Bray was preoccupied. He told briefly of his remarkable discovery. Charles, at first incredulous, was later delighted by the idea.
“Bray, I did not think you had it in you! You have the imagination of an Edgar Wallace. Fancy seven people all being peacefully and steadily blackmailed, as one of the extras in their en pension hotel bills.”
Bray looked stubborn. “Can you suggest any other explanation?”
“Lots,” said Charles. “This won’t be the first hotel that’s overcharged its guests. But after all—blackmail isn’t a profession. It is easy for a blackmailer to get one victim; two is quite possible; three is improbable; four is impossible; seven is beyond the bounds of fantasy! Don’t you see that the risks are immense! Sooner or later one of
them is bound to squeak—or is it squeal? No seven people would stand a permanent arrangement of this kind. It is the whole strength of the blackmailer that his victim thinks each time is the last.”
“You are not correct there, Charles,” countered Bray. “I have had the status of these people investigated and they all could find the sum demanded without trouble, except possibly Mrs. Walton, whose sources of income are rather mysterious. All the others would find no difficulty in the annual sum with which they purchased immunity.”
“That’s a good point,” admitted Charles. “Still, it seems to me ridiculously unnecessary to make your victims reside in your own establishment.” He paused. “Still, you are evidently unconvinced, so I will not favour you with my own poor suspicions.”
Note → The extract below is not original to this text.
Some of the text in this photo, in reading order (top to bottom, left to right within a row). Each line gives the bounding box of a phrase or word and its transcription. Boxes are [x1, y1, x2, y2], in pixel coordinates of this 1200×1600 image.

“I should know fairly certainly in the next hour or so if my theory’s right,” was the detective’s parting remark. “I’m going to see if I can smash that alibi of Budge’s.”
IV
Winterton was plainly not altogether surprised to see the detective. He sucked his teeth with a despairing sigh and offered him the hospitality of a deep leather armchair. The cordiality with which he plied him with drinks was insincere.
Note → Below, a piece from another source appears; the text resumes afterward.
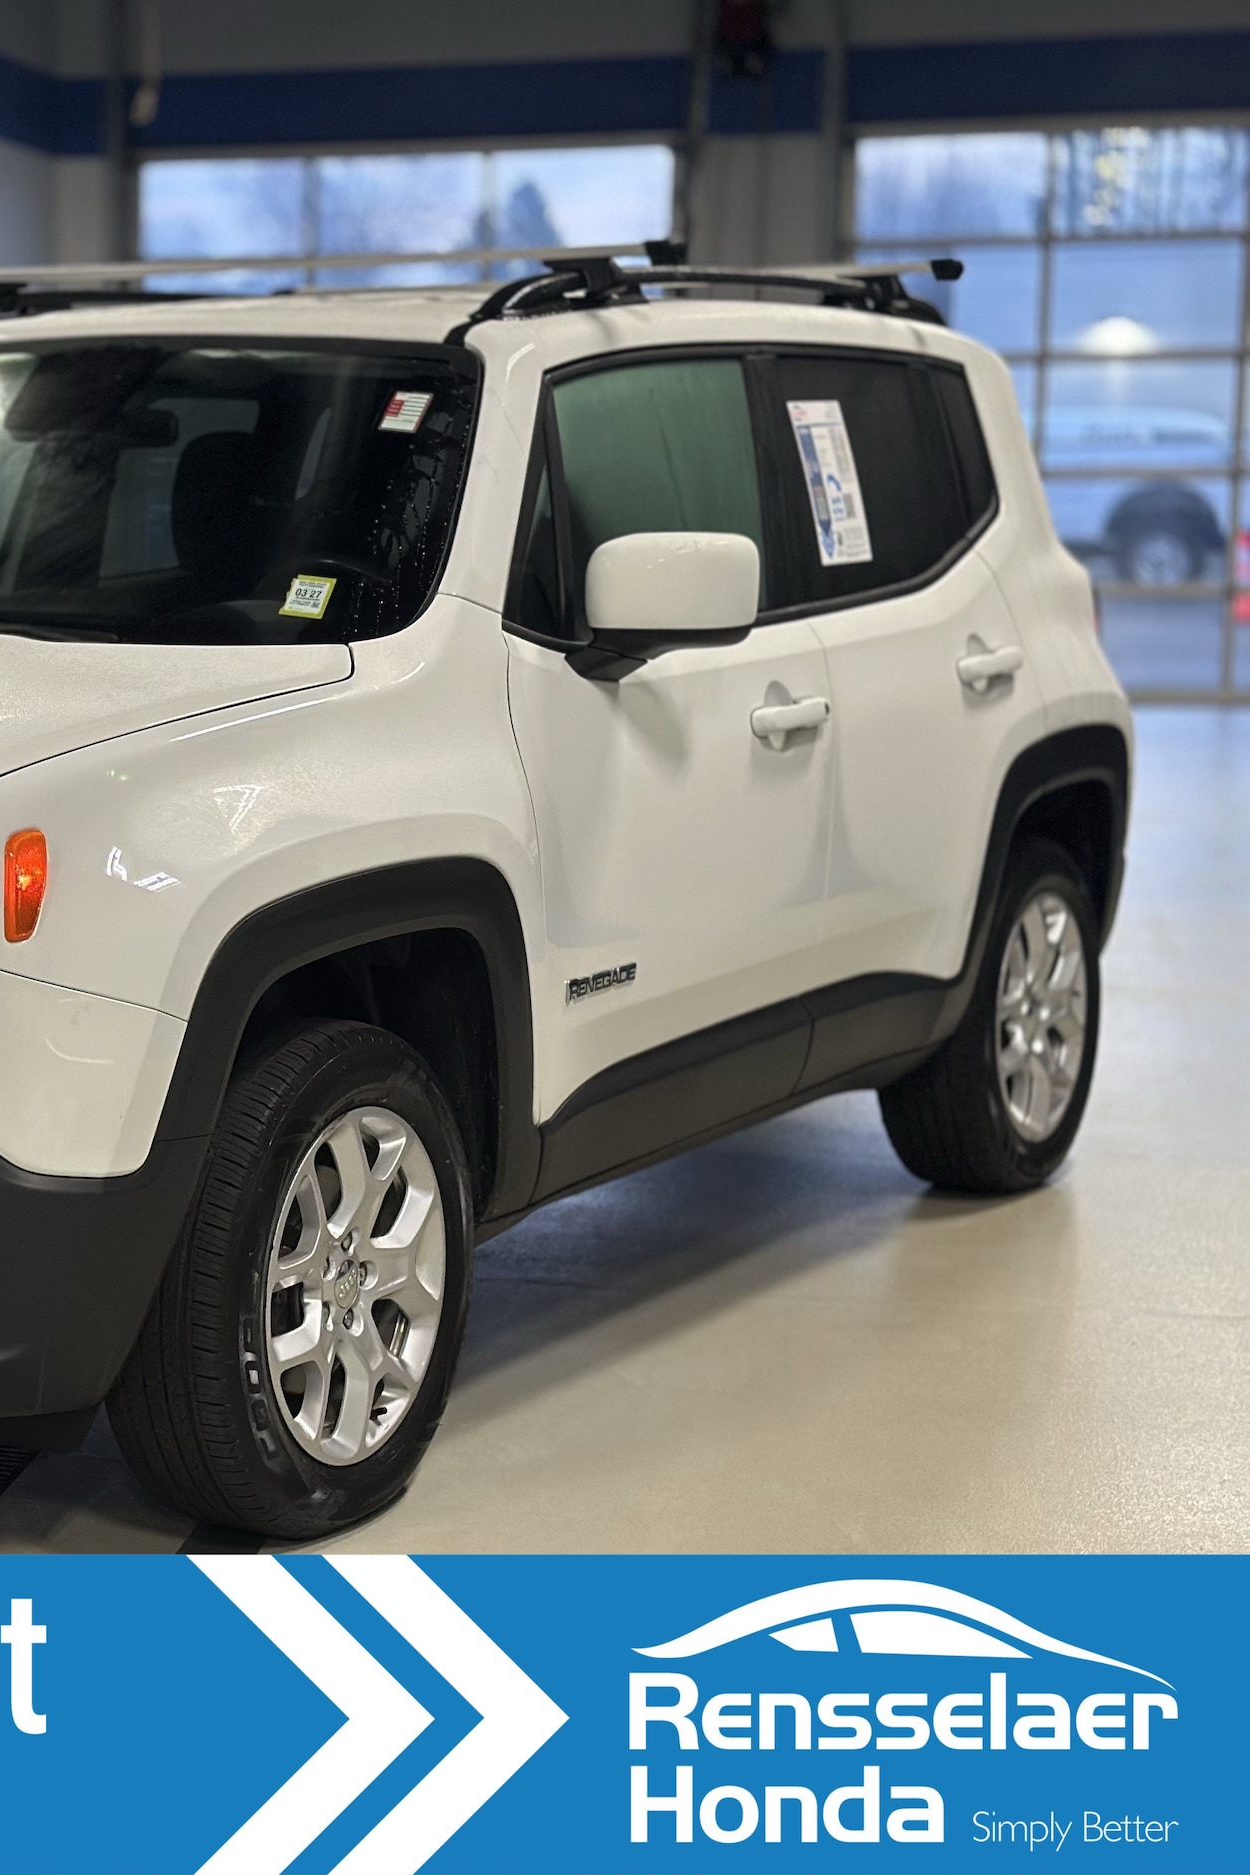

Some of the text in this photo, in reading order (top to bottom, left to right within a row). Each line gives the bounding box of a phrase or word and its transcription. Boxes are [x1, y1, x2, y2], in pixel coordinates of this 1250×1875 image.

[295, 588, 308, 597] 03
[309, 590, 323, 599] 27
[564, 962, 637, 1006] RENEGADE
Bray had a delicate situation. He took his time. A little judicious silence did more to intimidate a witness than any amount of blustering.
Winterton reconnoitred Bray warily. He didn’t quite know where to place him—the Force had changed a lot in his day. This fellow in his well-cut lounge suit with the plastered-back hair and the pale, clear-cut profile—in his, Winterton’s time, if a fellow of that stamp had had any truck with the law, he would have been wearing the wig and gown of advocacy rather than the elegant mufti of the gentleman sleuth-hound.